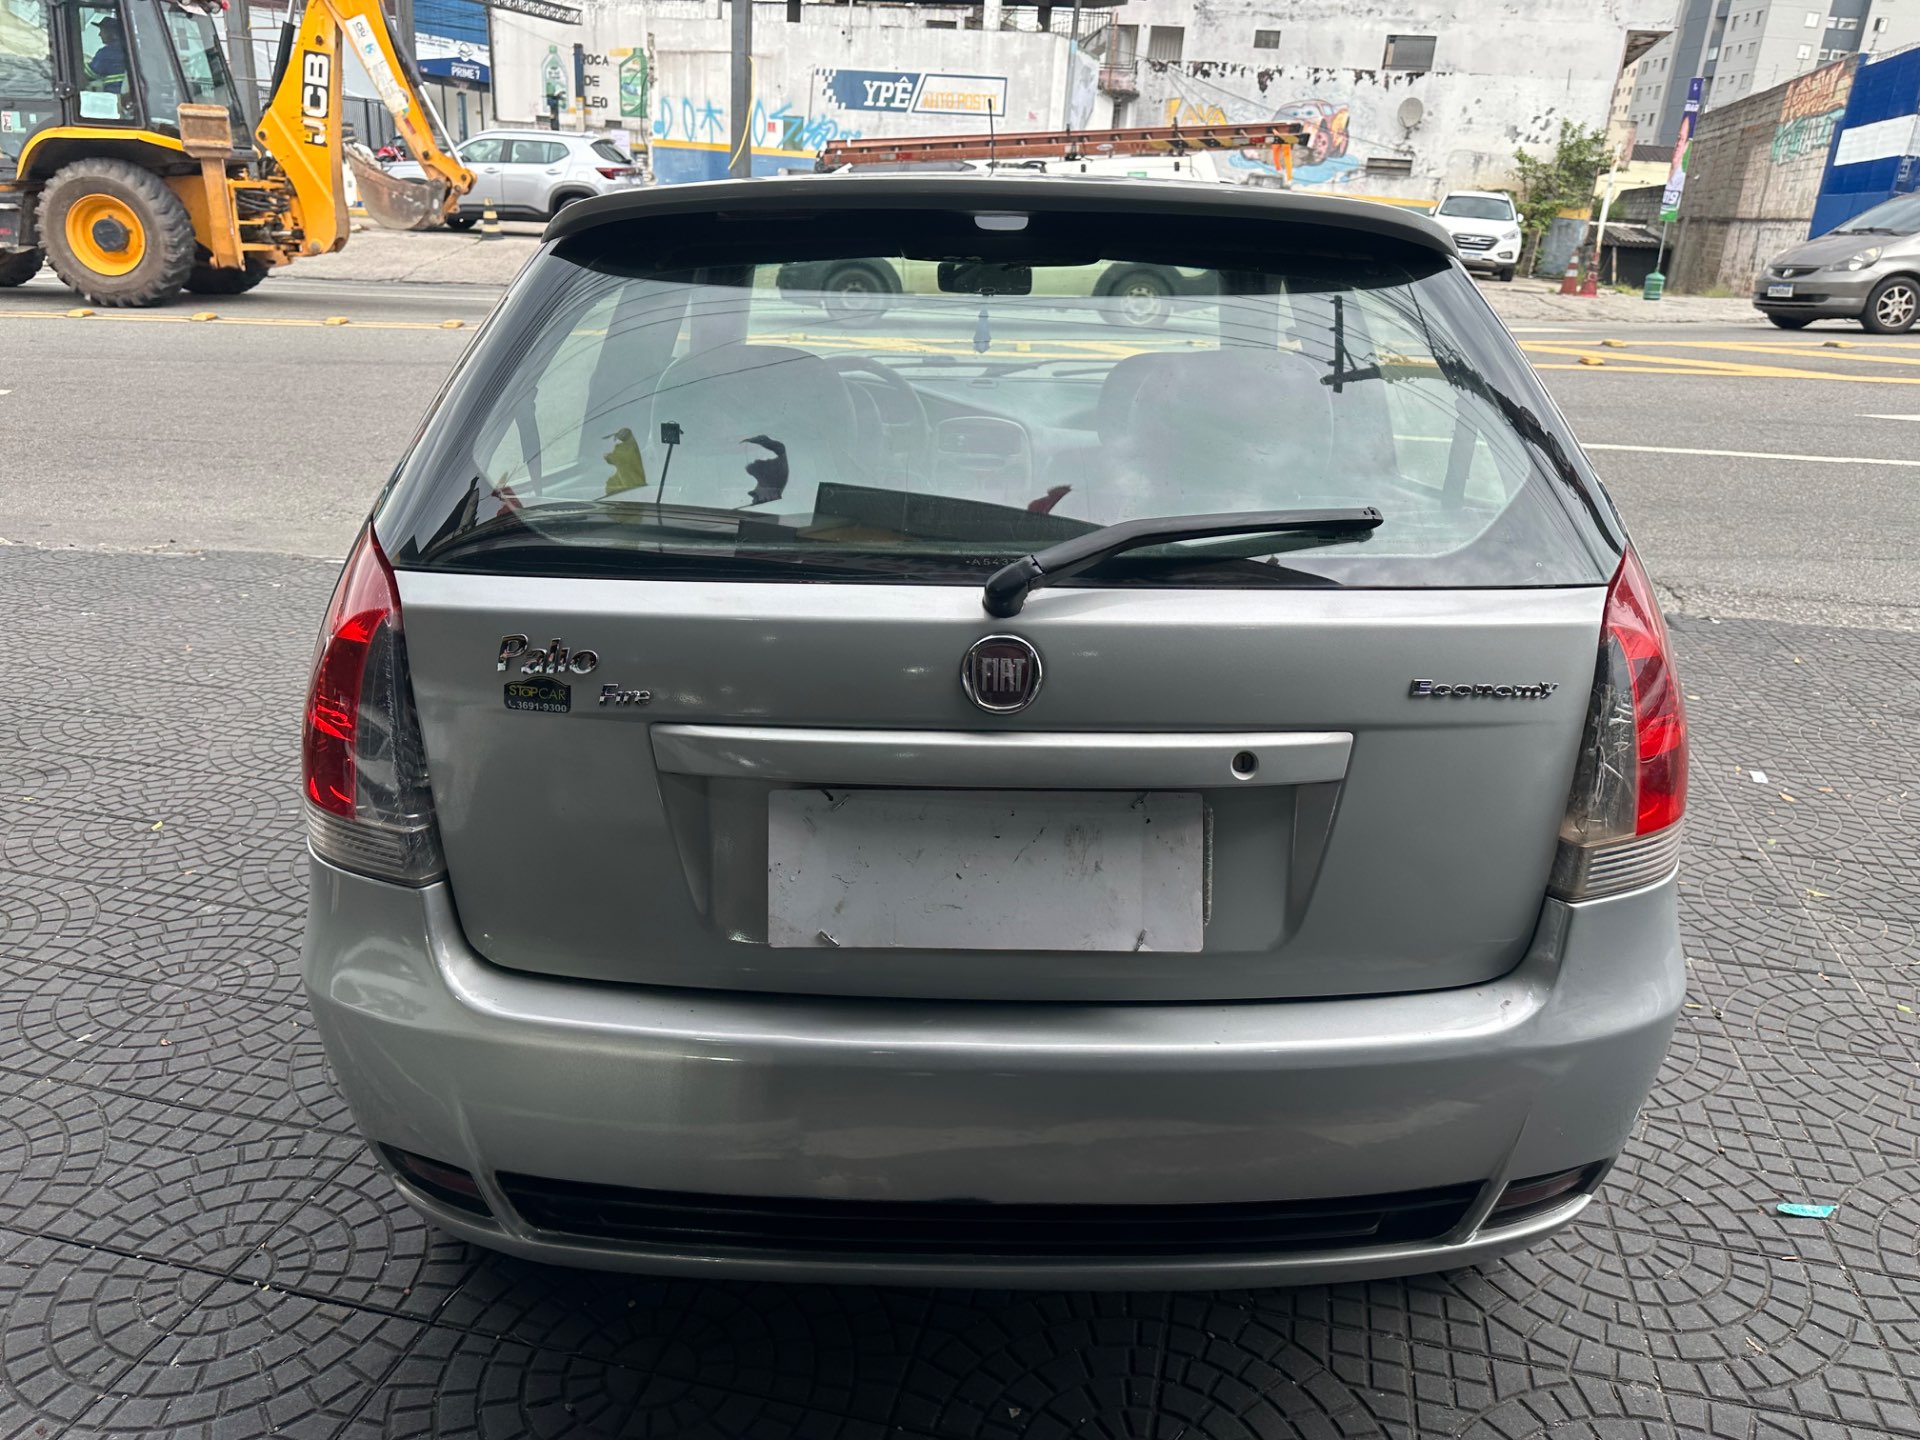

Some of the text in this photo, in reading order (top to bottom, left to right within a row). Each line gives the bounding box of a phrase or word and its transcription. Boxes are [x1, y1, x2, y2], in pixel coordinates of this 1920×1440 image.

[584, 76, 600, 87] DE
[303, 53, 330, 145] JCB
[585, 97, 608, 109] LEO
[863, 76, 997, 111] YPÊ AUTO POSTO
[496, 633, 600, 675] Palio
[981, 657, 1027, 692] FIAT
[599, 683, 652, 706] Fire
[1410, 678, 1560, 699] Economy
[516, 701, 567, 713] 3691-9300
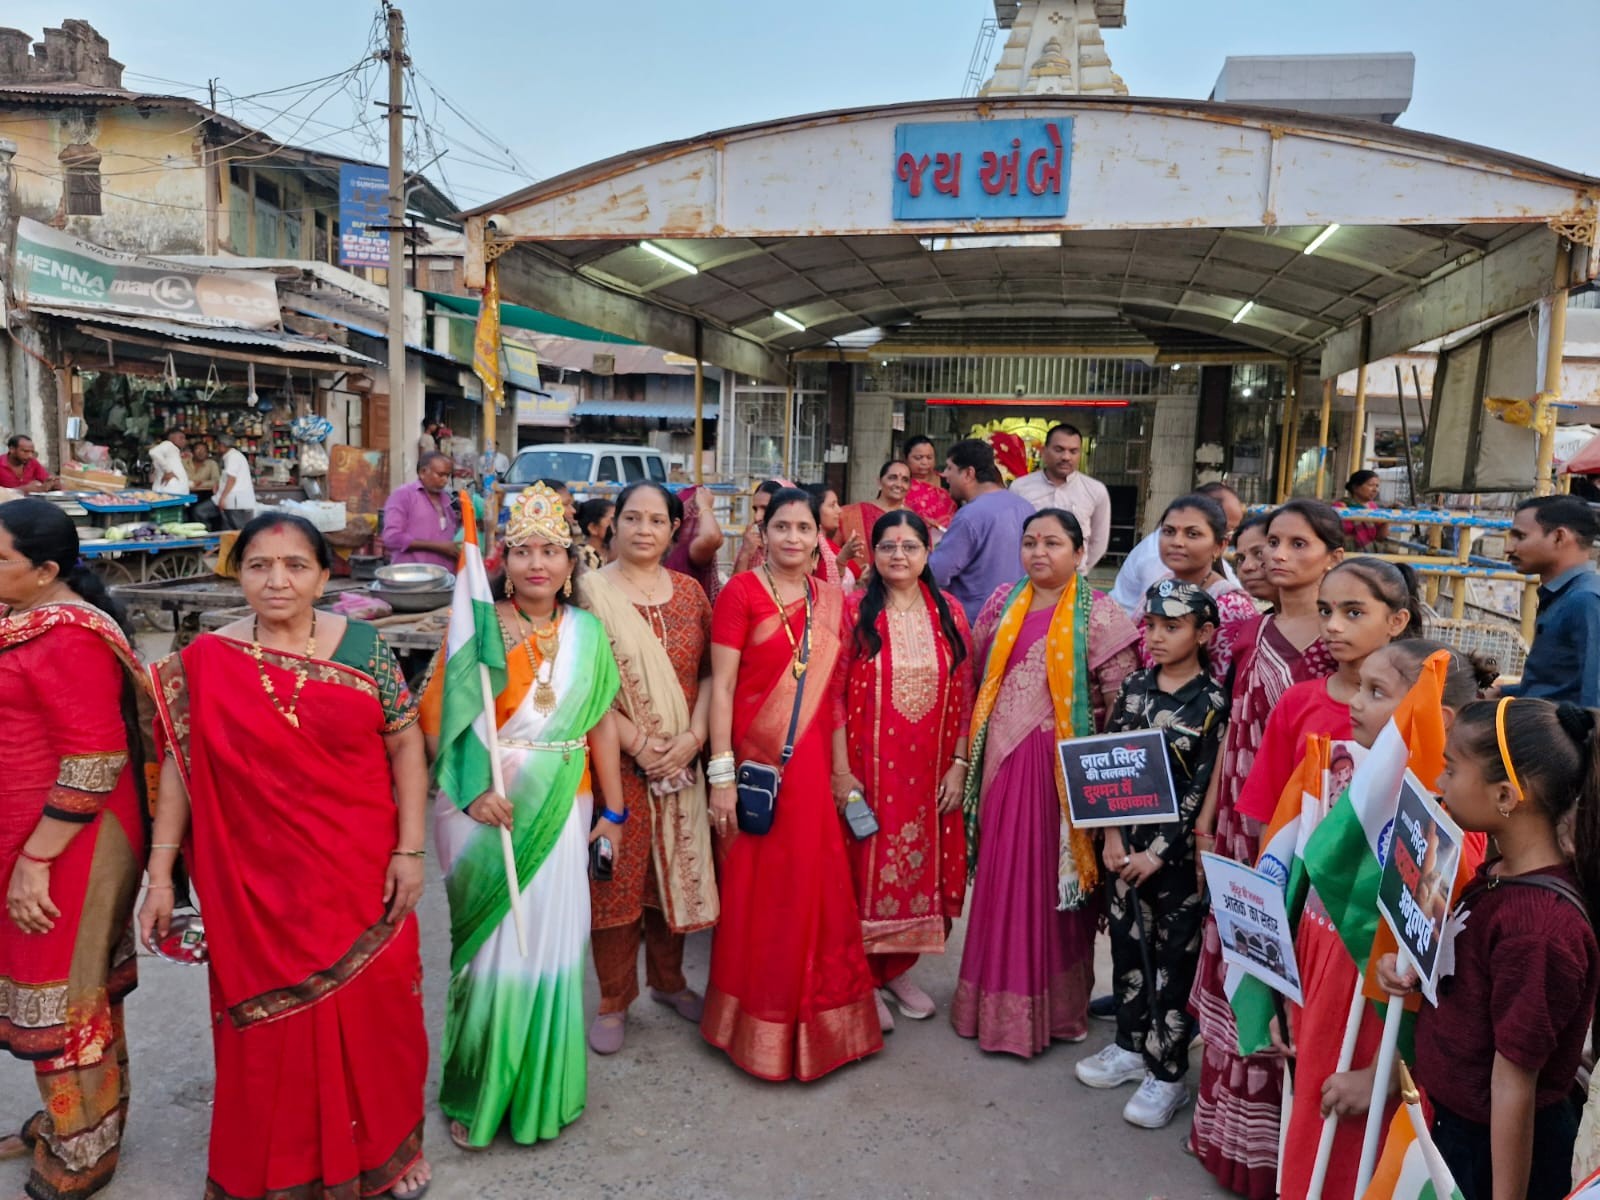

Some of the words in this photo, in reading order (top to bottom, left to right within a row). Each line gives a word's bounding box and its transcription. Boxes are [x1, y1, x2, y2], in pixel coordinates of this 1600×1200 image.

[896, 152, 962, 198] જય
[979, 123, 1063, 196] અંબે
[16, 250, 105, 290] HENNA
[61, 282, 105, 298] POLY
[1079, 751, 1110, 769] लाल
[1085, 767, 1099, 781] की
[1082, 783, 1119, 805] दुश्मन
[1120, 778, 1132, 796] में
[1107, 793, 1159, 811] हाहाकार!

☆ ☆ ☆

> [Problem statement]:
Without the pictures, reproduce every record exactly as it appears above.

> [Reply]:
Some of the text in this photo, in reading order (top to bottom, left to right within a row). Each line gives the bounding box of a phrase or word and its transcription. Boxes are [x1, y1, x2, y2], in pixel coordinates of this 1920×1440 image.

[584, 76, 600, 87] DE
[303, 53, 330, 145] JCB
[585, 97, 608, 109] LEO
[863, 76, 997, 111] YPÊ AUTO POSTO
[496, 633, 600, 675] Palio
[981, 657, 1027, 692] FIAT
[599, 683, 652, 706] Fire
[1410, 678, 1560, 699] Economy
[516, 701, 567, 713] 3691-9300

Some of the words in this photo, in reading order (top to bottom, left to right within a row). Each line gives a word's bounding box and its transcription. Boxes are [x1, y1, x2, y2], in pixel coordinates of this 1600×1200 image.

[896, 152, 962, 198] જય
[979, 123, 1063, 196] અંબે
[16, 250, 105, 290] HENNA
[61, 282, 105, 298] POLY
[1079, 751, 1110, 769] लाल
[1085, 767, 1099, 781] की
[1082, 783, 1119, 805] दुश्मन
[1120, 778, 1132, 796] में
[1107, 793, 1159, 811] हाहाकार!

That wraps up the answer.